» **Information given**:
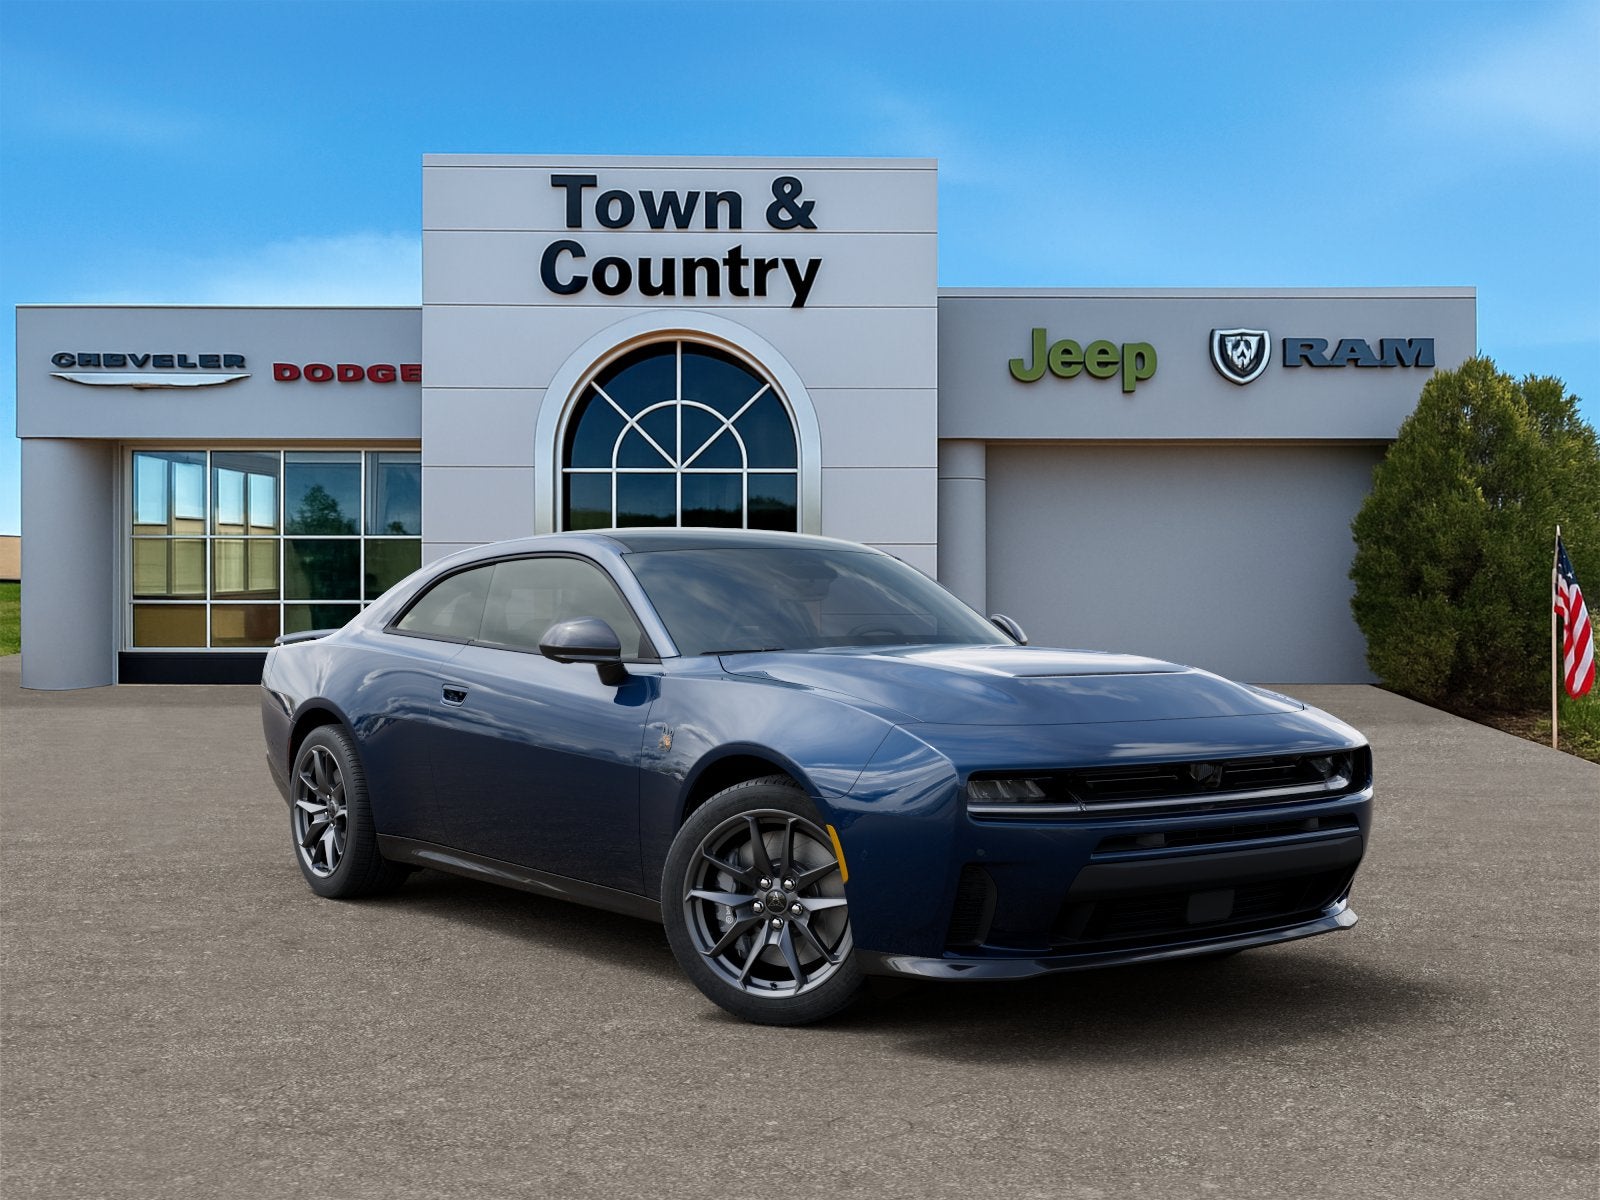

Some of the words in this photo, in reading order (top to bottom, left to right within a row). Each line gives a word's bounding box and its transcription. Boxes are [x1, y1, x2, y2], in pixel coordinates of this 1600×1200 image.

[551, 174, 742, 229] Town
[766, 176, 818, 230] &
[540, 239, 823, 308] Country
[273, 363, 422, 383] DODGE
[1009, 328, 1157, 391] Jeep
[1282, 337, 1435, 368] RAM

» **Task description**:
Transcribe the listing word for word, but keep its pictures out of the copy.

» **Response to this exercise**:
Some of the words in this photo, in reading order (top to bottom, left to right within a row). Each line gives a word's bounding box and its transcription. Boxes are [x1, y1, x2, y2], in pixel coordinates of this 1600×1200 image.

[551, 174, 742, 229] Town
[766, 176, 818, 230] &
[540, 239, 823, 308] Country
[273, 363, 422, 383] DODGE
[1009, 328, 1157, 391] Jeep
[1282, 337, 1435, 368] RAM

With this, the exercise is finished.